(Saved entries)

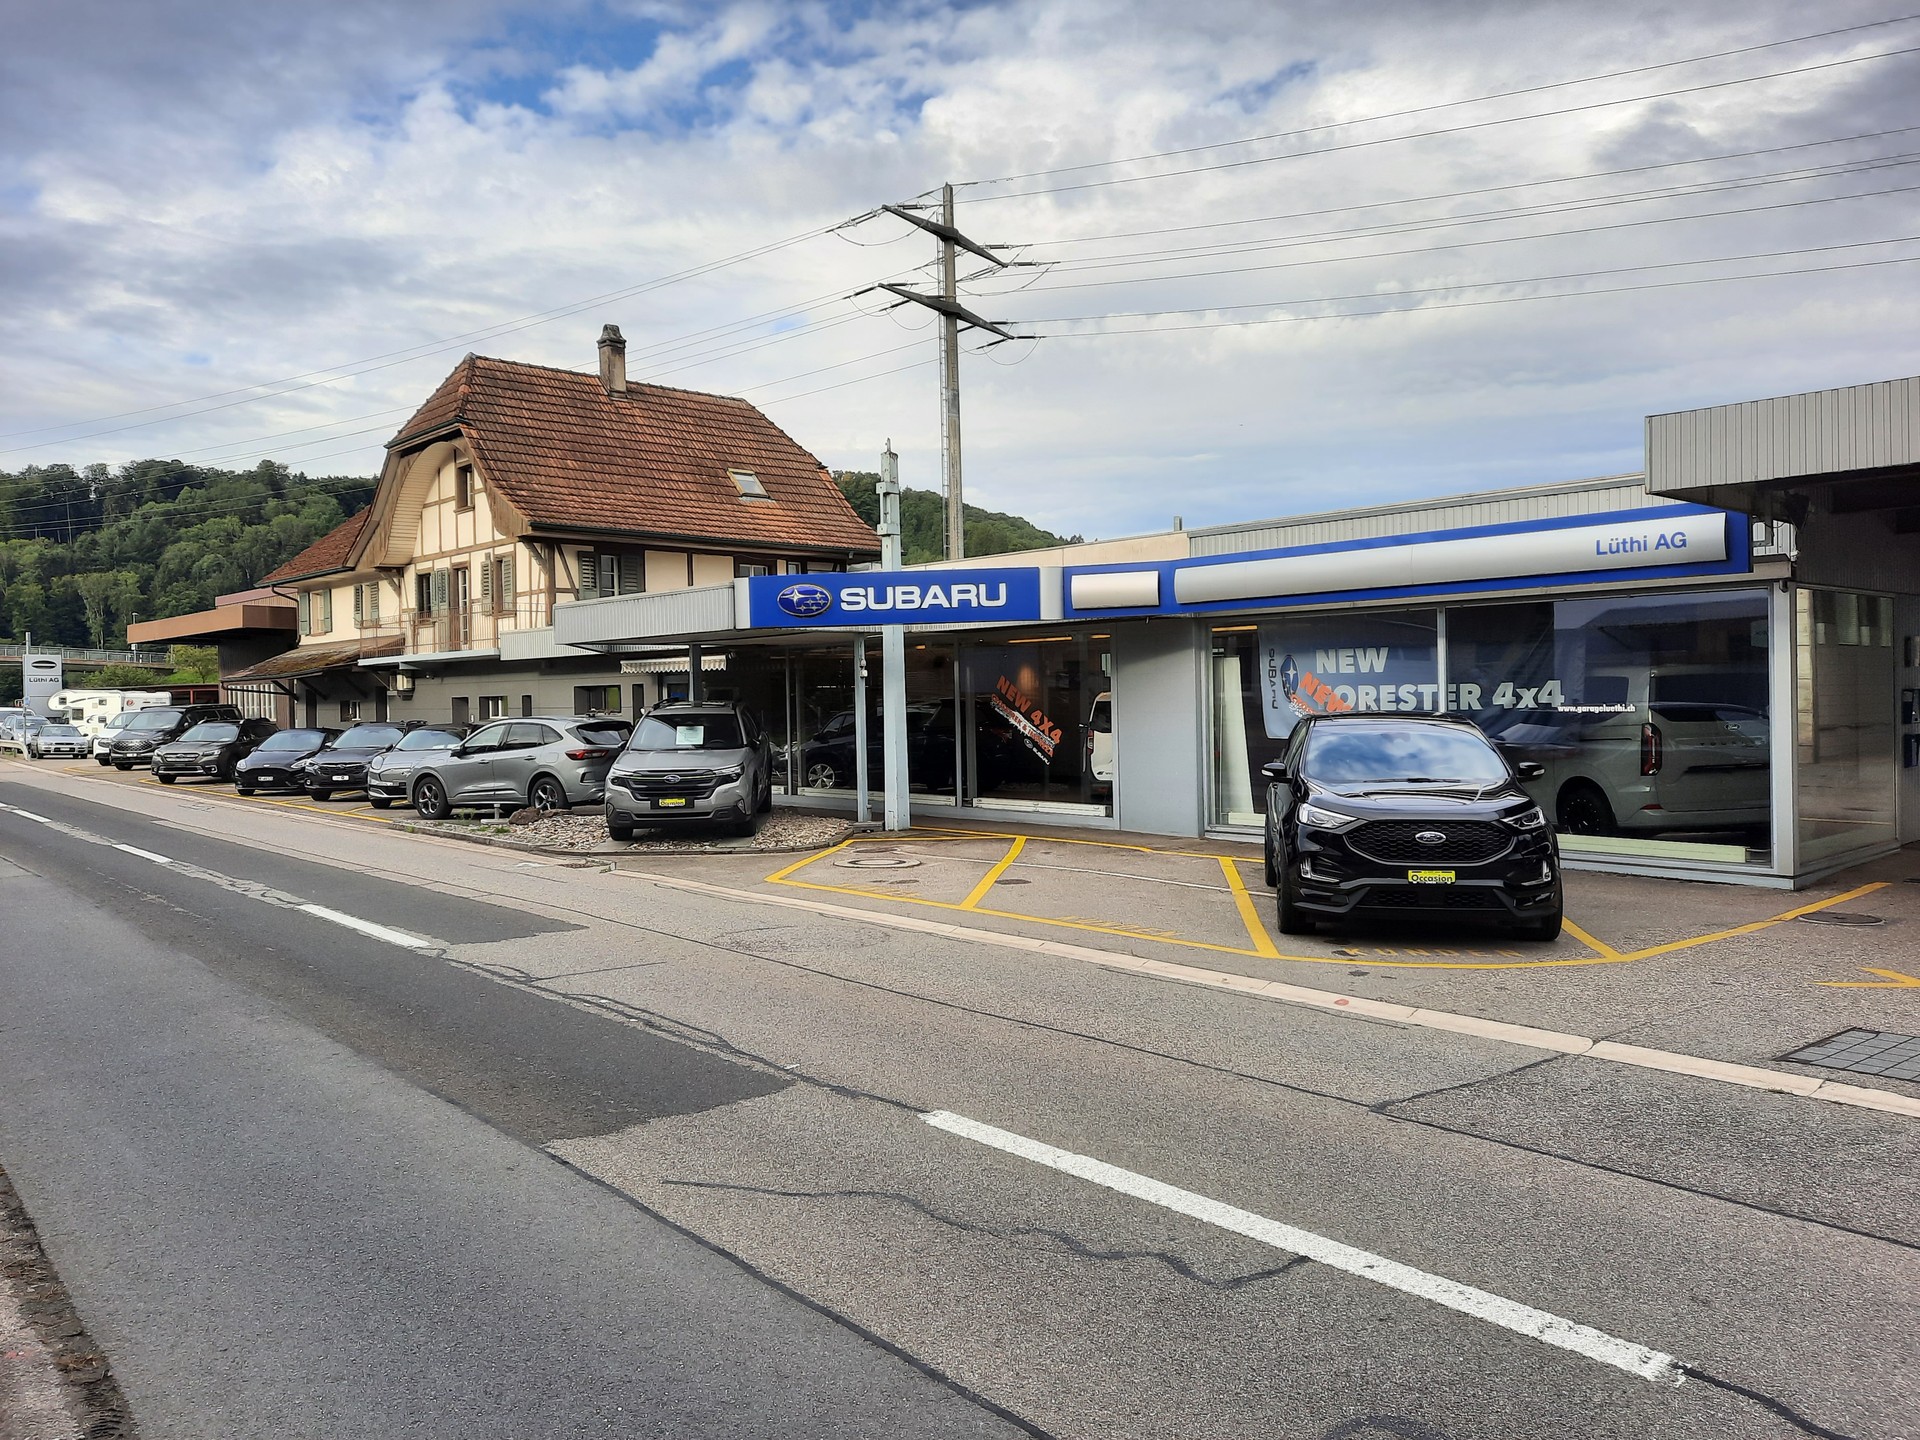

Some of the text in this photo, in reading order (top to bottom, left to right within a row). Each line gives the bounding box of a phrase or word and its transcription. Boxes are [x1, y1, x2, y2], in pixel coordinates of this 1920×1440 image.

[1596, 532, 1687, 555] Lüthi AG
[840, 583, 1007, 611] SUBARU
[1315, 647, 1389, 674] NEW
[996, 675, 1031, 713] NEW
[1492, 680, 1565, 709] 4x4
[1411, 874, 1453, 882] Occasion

• [What needs to be done] The data above must be given back verbatim, minus its images.

• [Output for this task]
Some of the text in this photo, in reading order (top to bottom, left to right within a row). Each line gives the bounding box of a phrase or word and its transcription. Boxes are [x1, y1, x2, y2], in pixel coordinates of this 1920×1440 image.

[1596, 532, 1687, 555] Lüthi AG
[840, 583, 1007, 611] SUBARU
[1315, 647, 1389, 674] NEW
[996, 675, 1031, 713] NEW
[1492, 680, 1565, 709] 4x4
[1411, 874, 1453, 882] Occasion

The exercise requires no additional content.